The Materiality of Sex and HIV

A helpful analytical frame is Hunter’s (2002; 2010) description of the “materiality of everyday sex” as historically rooted with long-term drivers of inequality shaping the ways that sexual relationships shift in the informal settlement. These data highlight the complexities of relationships in Kabalagala, whereby partnerships are characterized by aspects of love (perhaps not the romantic, or true, kind) and transaction. Hunter (2010) details this in a similar situation in South Africa, but where the women are dependent on men. This Kabalagala case presents a unique configuration of love that is not captured in other literature where the power dynamic is decidedly in men’s favor. In Kabalagala, the women have more money, and therefore occupy a higher economic ground. They can decide who to “marry,” who to provide for, and when to separate.
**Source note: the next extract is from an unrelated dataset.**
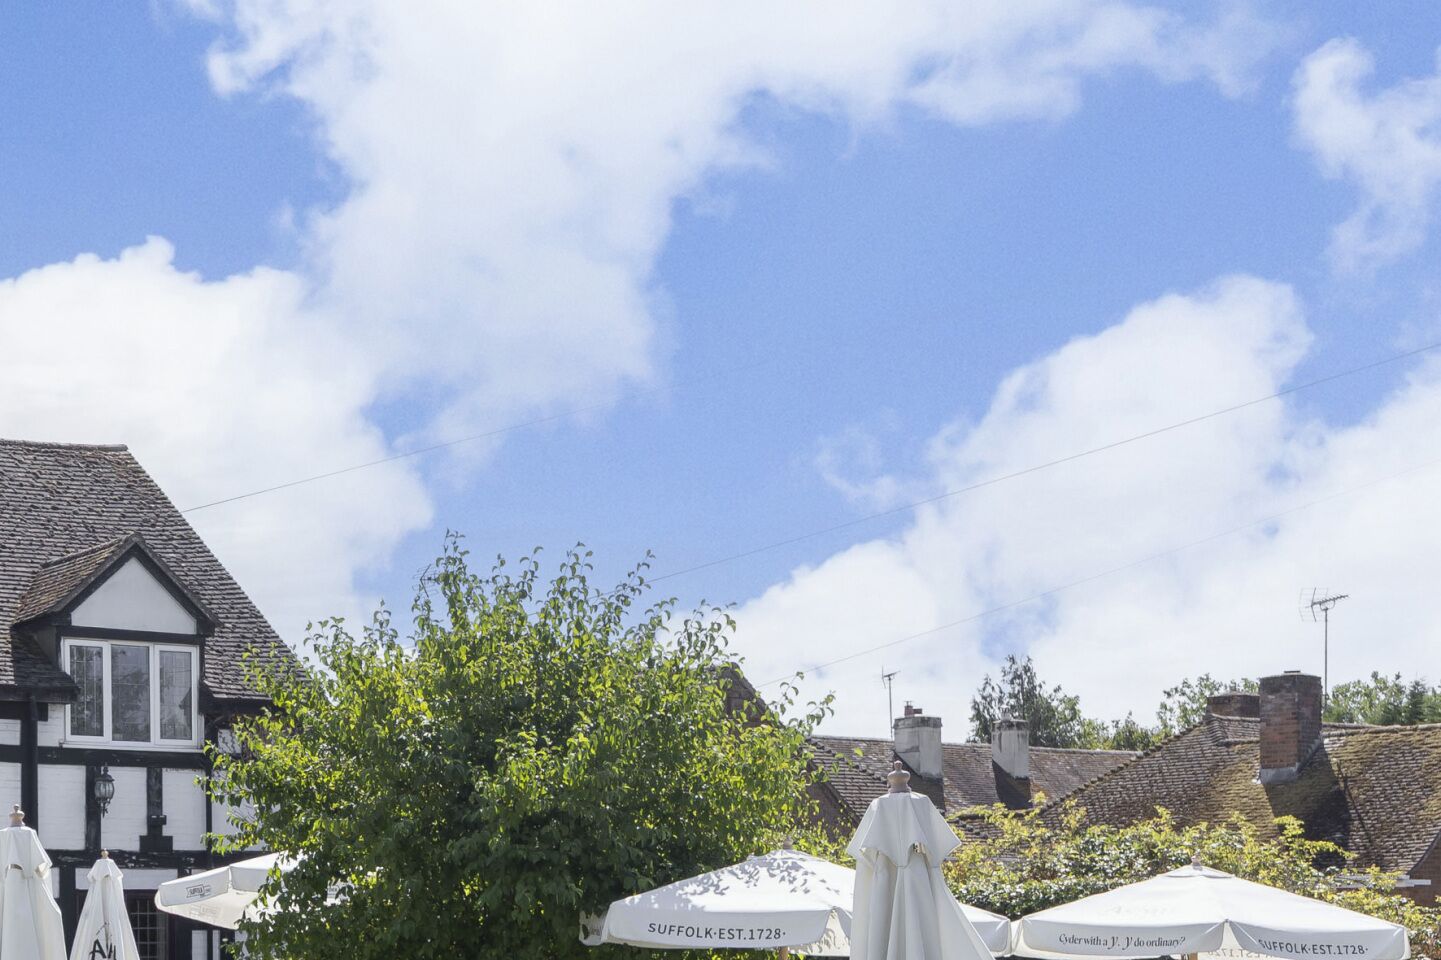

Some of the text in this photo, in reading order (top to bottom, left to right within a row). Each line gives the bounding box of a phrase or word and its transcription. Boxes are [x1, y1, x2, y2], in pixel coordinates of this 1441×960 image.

Men, on the other hand, are dependent on their relationships and find it difficult to leave when there is nowhere else to go. It is this uncertainty about their future (Reynolds Whyte 1997) that forces men to make choices that protect their ability to survive, rather than choose what may be the healthiest option. Moreover, men who have moved to Kampala from a village find new opportunities outside of traditional typologies of marriage and might be comfortable being the dependent rather than the provider (Wyrod 2016)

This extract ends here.